Inventor often comes up with issues between the restrictions you sat when you´re a beginner or not patient enough, but it still works out. NX will be a little bit easier because it forces you to think about what you wanna do or it will simply not work. but if you did the rest of the work with inventor, its probably the best to stick to that single system for the workflow
during i use ,,free move and free rotate" , i cant write degree and coordinate point???
No, in Assembly environment there is no precise input. There's an add-on that allows you to turn/rotate with precision, but it's not in the standard software. If you press F4 (Orbit)nyou can rotate or turn the whole model with the mouse. Is that the answer you were looking for?
No, in Assembly environment there is no precise input. There's an add-on that allows you to turn/rotate with precision, but it's not in t...
The purpose of the free move/rotate tools is to generally place parts in the correct orientation to allow inventor to intuitively understand the constraints that are eventually applied to an assembly. It is not meant to be precise in any way, shape or form.

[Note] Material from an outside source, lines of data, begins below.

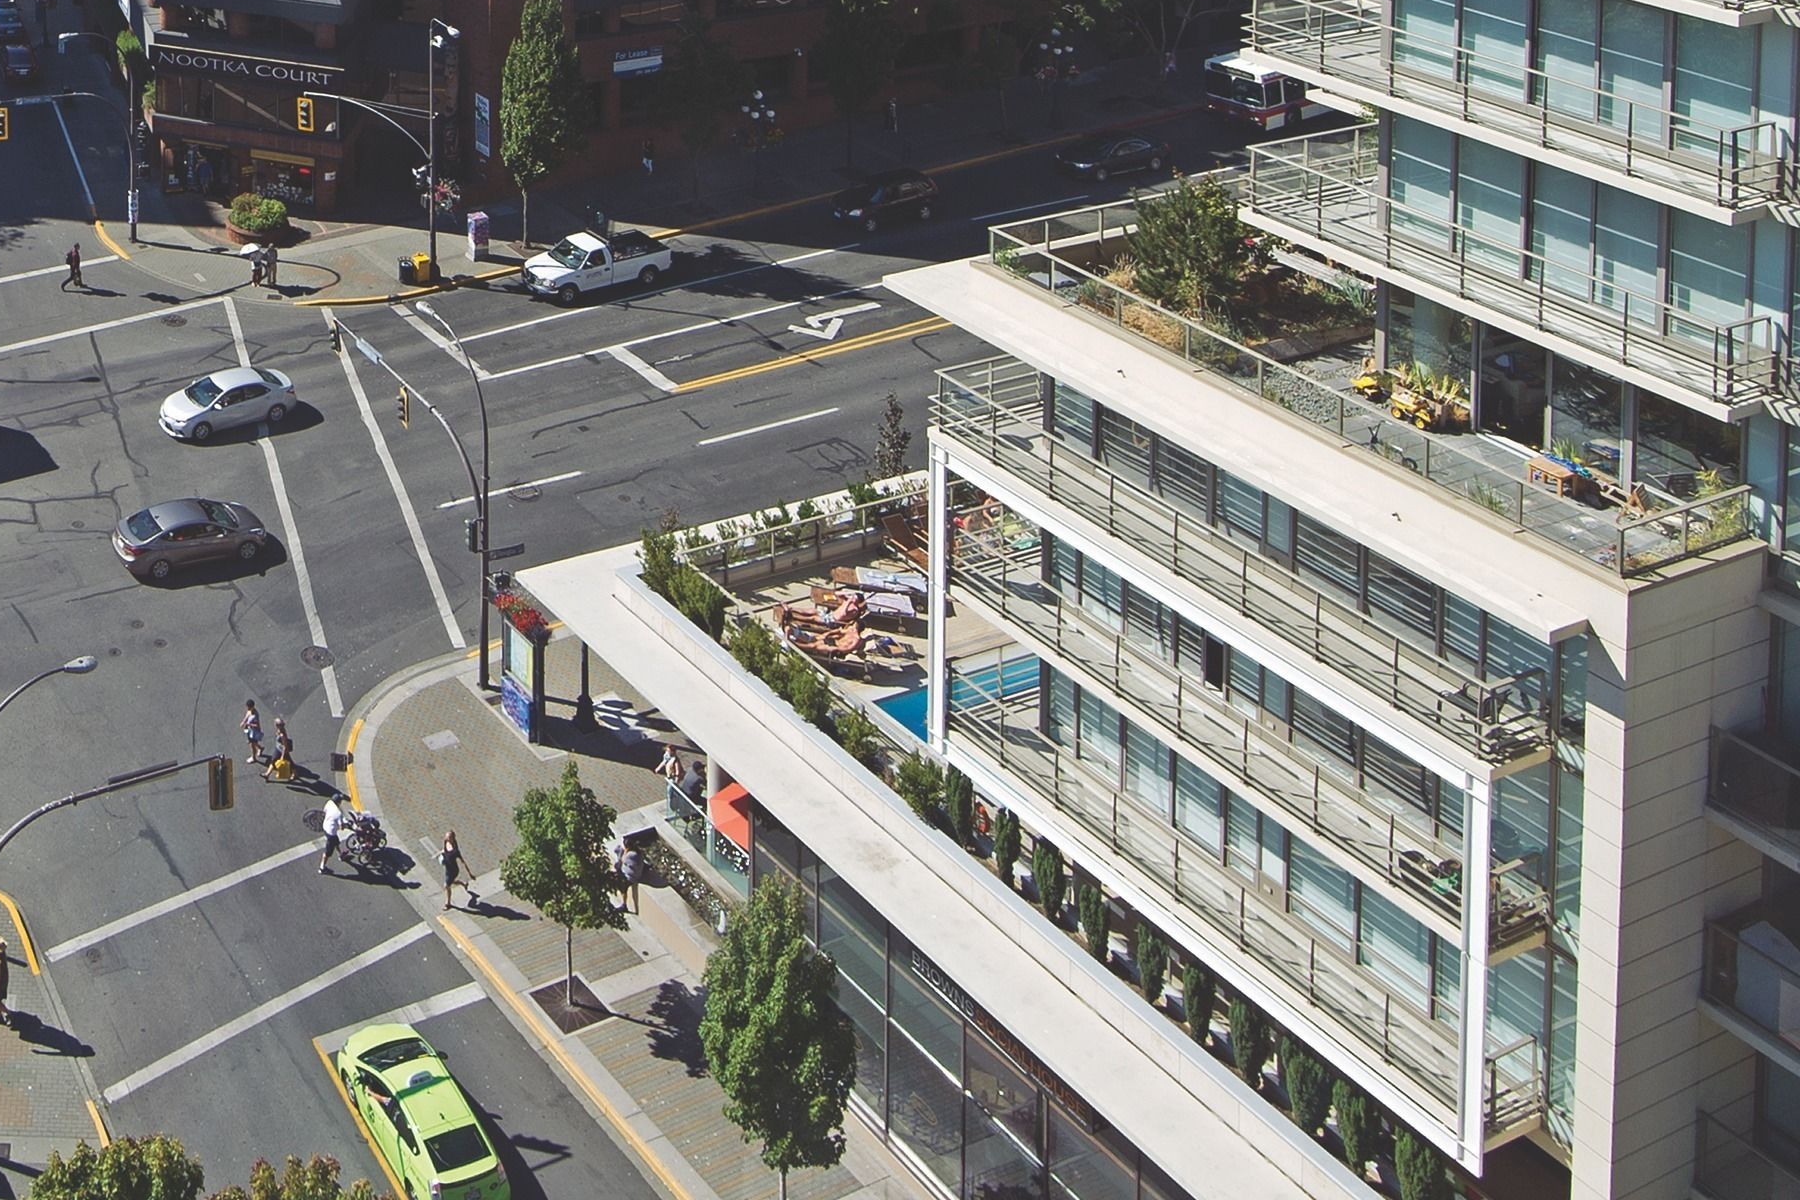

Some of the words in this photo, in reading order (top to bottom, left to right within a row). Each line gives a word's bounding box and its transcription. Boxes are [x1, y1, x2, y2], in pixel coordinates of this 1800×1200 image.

[158, 51, 250, 75] NOOTKA
[255, 64, 333, 85] COURT
[615, 51, 627, 60] For
[627, 50, 648, 58] Lease
[911, 950, 975, 1017] BROWNS
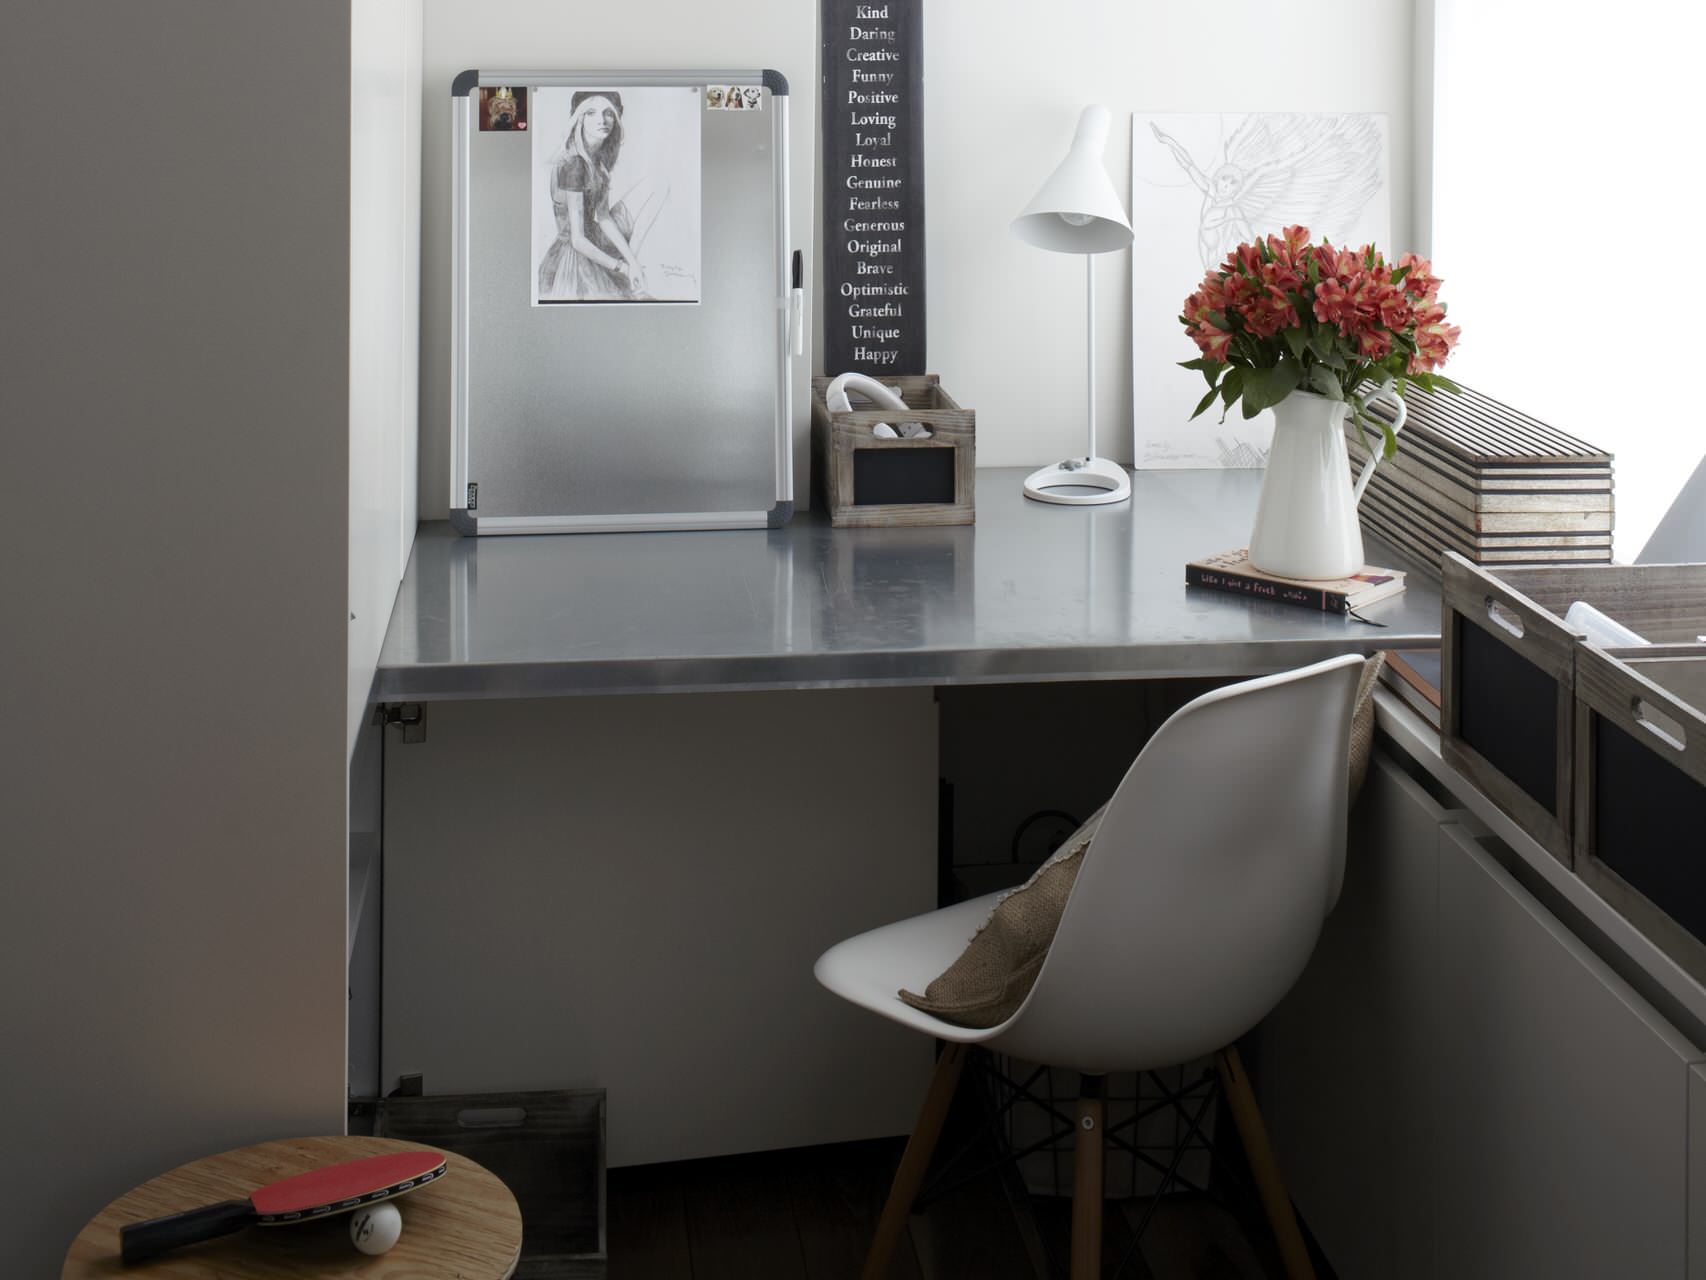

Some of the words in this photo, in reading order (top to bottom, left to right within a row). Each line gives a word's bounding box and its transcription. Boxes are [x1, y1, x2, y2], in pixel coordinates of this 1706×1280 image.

[856, 5, 889, 19] Kind
[850, 26, 895, 44] Daring
[846, 47, 900, 61] Creative
[852, 69, 894, 86] Funny
[848, 90, 899, 104] Positive
[851, 112, 896, 129] Loving
[856, 132, 891, 150] Loyal
[850, 154, 897, 168] Honest
[846, 175, 902, 189] Genuine
[849, 196, 900, 210] Fearless
[844, 218, 905, 232] Generous
[847, 239, 902, 257] Original
[856, 261, 894, 275] Brave
[840, 282, 909, 300] Optimistic
[848, 303, 902, 318] Grateful
[851, 325, 900, 343] Unique
[854, 346, 898, 364] Happy

@frederik.vollbrecht-1 highlighted where to find the tool on the toolbar but you need to understand the function of each type of constraint then apply that to how your assembly needs constructed.
When starting out learning constraints, I find it best to simply ground the first (or main) component that you place in the assembly and work through your parts to restrict or "constrain" the movement as it would work in the real world.
My company uses inventor as its main software platform, it can be a little glitchy but overall it is a powerful modeling software. Sometimes you have to get creative with how you do things but I haven't found anything yet that I wasn't able to model somehow using inventor. As it has been said previously inventor uses constraints to locate parts in an assembly but there is a way to move things around precisely using the "grip snap" tool.